©NovelBuddy
My Sister Stole My Mate, And I Let Her-Chapter 363 ALTERED PERCEPTION
ETHAN’S POV
Kieran’s call so early in the morning set me on edge.
The message made things worse. “Bring Celeste to Nightfang. Now.”
The command was clipped, edged, the strain in his voice hinting that his control was wearing dangerously thin.
Anger under ice.
Everything was still raw from the Hunting Festival, the rogues, the trap with Celeste drugged and staged, the growing evidence that someone was targeting Sera.
Now...whatever this was.
Celeste was unstable; that was the kindest word for it. Since admitting her wolf was gone—silenced or severed or worse—she’d been oscillating between brittle composure and jagged hostility.
Bringing her into Nightfang in her current state would have been like tossing a lit match into dry timber.
So, no, I didn’t bring her.
Corin, thankfully, agreed without argument when I asked that he remain at Frostbane with Celeste and keep an eye on her.
Then I set out for Nightfang with Maya.
When we arrived, the air itself felt wrong.
There’s a difference between tension and grief. Tension hums. Grief drags.
This dragged.
Kieran met us in the foyer. He looked composed. But his eyes were darker than usual, not with rage, but with something heavier.
His gaze flickered behind us, but he didn’t comment on Celeste’s absence.
“Sera’s upstairs,” he said instead.
I followed him to the guest suite in the Alpha wing and found Sera sitting at the desk, laptop open, screen paused on a frame I couldn’t quite make out.
She turned when we walked in, and I stilled.
Seraphina Lockwood had never been physically imposing, but ever since she’d been unsealed, power radiated from her like heat from asphalt in summer.
Now that power felt compressed inward, imploding rather than expanding, making her seem diminished.
“Watch,” she said, her voice too steady for the storm in her eyes.
I watched.
Silence enveloped the room as the videos played, one after the other, and the narrative I had believed for eleven years shattered in front of me.
Only when the screen went black, cutting off as Sera and Kieran stumbled into the room, did I take a breath.

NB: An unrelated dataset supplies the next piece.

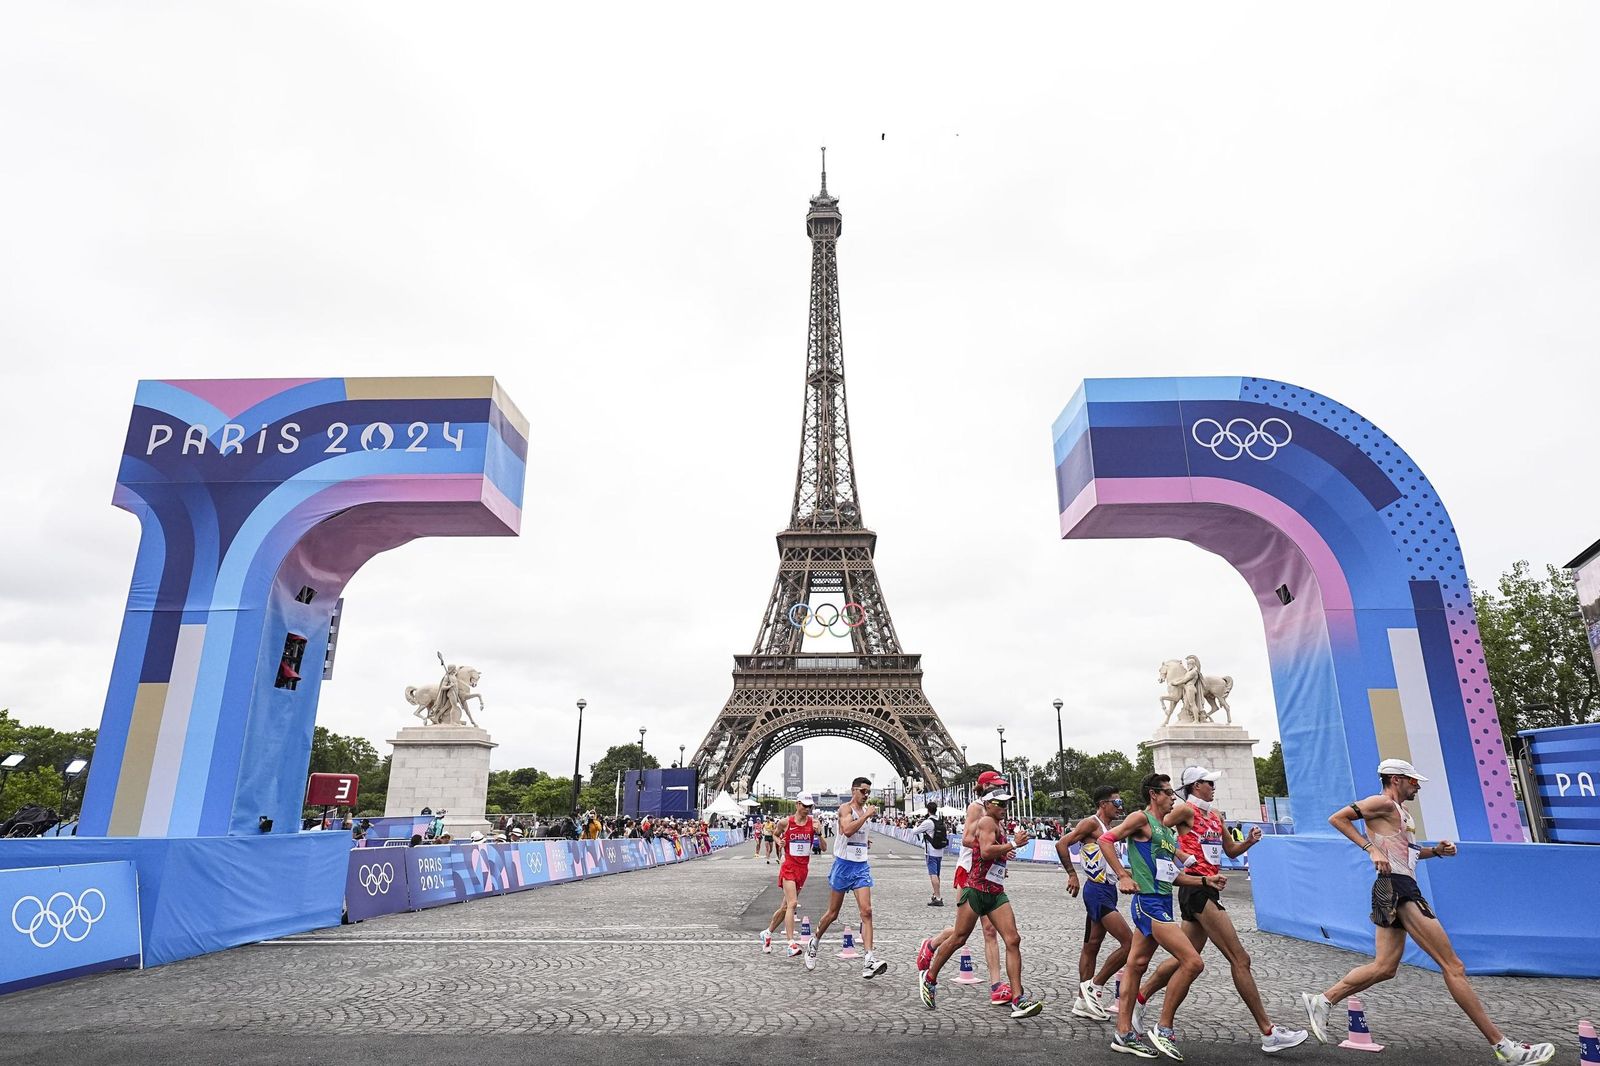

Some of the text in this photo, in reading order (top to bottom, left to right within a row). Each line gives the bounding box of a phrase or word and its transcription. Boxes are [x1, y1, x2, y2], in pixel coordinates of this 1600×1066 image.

[323, 421, 464, 453] 2024
[334, 779, 352, 799] 3
[420, 874, 445, 891] 2024
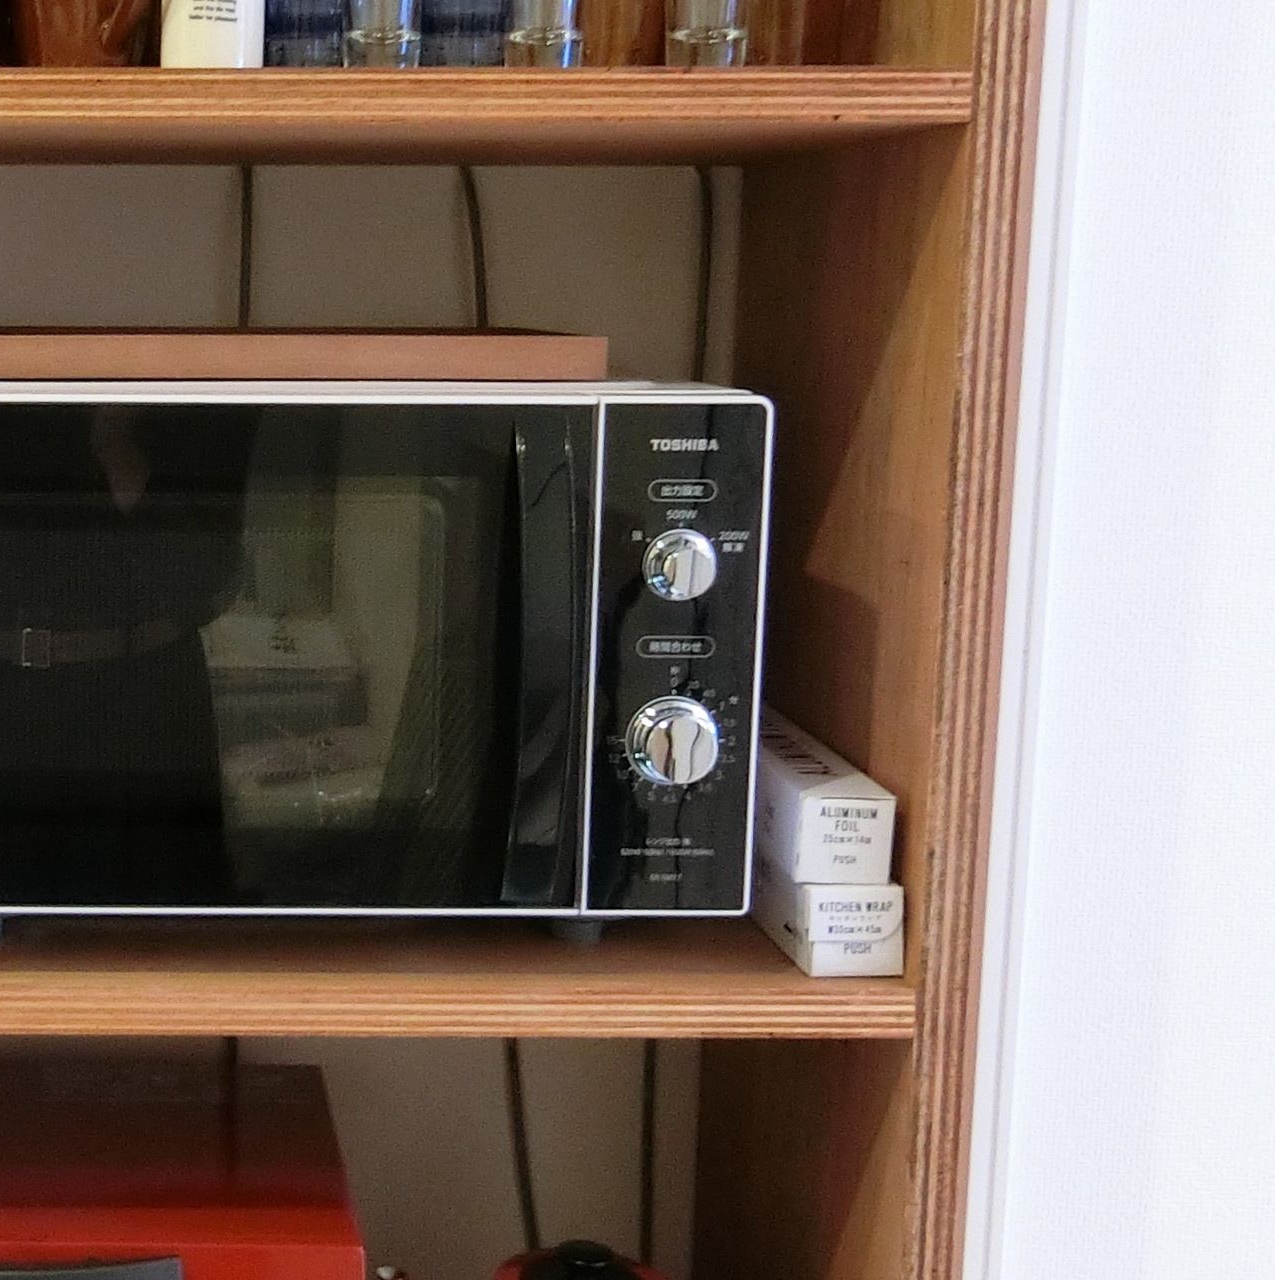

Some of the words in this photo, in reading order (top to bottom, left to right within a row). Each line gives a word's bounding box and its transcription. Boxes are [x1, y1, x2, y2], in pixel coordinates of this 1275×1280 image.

Maya whirled on Kieran. “So it’s true. You really did make the first move?”
Sera sighed. “That’s not the point, Maya.”
The absolute devastation in my sister’s voice gave Maya pause. She moved toward her best friend and placed a hand on her shoulder, her brows drawn in concern. “There’s more, isn’t there?”
Sera wordlessly turned back to the laptop and opened another file.
This one was different. An office. Shadowed figure. Distorted voice.
“I will purchase the full archive.”
I felt something shift inside me as I watched the envelope slide across the desk, recognizing the familiar cadence despite the filter.
When the screen went still, the silence in the room was suffocating.
For a long moment, no one spoke.
I couldn’t defend Celeste. She’d crossed that line a long time ago.
But I had believed our father was stern, strategic, political to a fault—but not cruel. Not willing to bury one daughter’s innocence to cover the other’s guilt.
Now that evidence scorched the silence between us.
But instinct refused to accept the simplest interpretation.
“Sera,” I began carefully, “this was before your seal was removed.”
Kieran’s gaze flicked to me, sharp. “What are you insinuating?”
“I’m not excusing this,” I added quickly. “I’m saying...we have to consider whether they were also operating under altered perception.”
Sera’s expression cracked. “You think they were influenced?”
“I think we’ve seen enough evidence of psychic manipulation in the last month to not rule anything out."
"I’ve seen Celeste since the seal was broken," she pointed out. "She was the same. Worse, if that’s possible."
"But we have no way of knowing the extent of the effect the sealing had on Father.”
“He watched it,” she whispered. “He saw. He knew.”
“Yes.”
“And he still buried it.”
That, I couldn’t deny.
I moved closer, lowering my voice. “I don’t have the perfect words to articulate this, but when the seal was removed, it was like scales dropping from my eyes. Like I was seeing you for the first time. As if my mind was only just processing that you were my sister, that I was supposed to love you.”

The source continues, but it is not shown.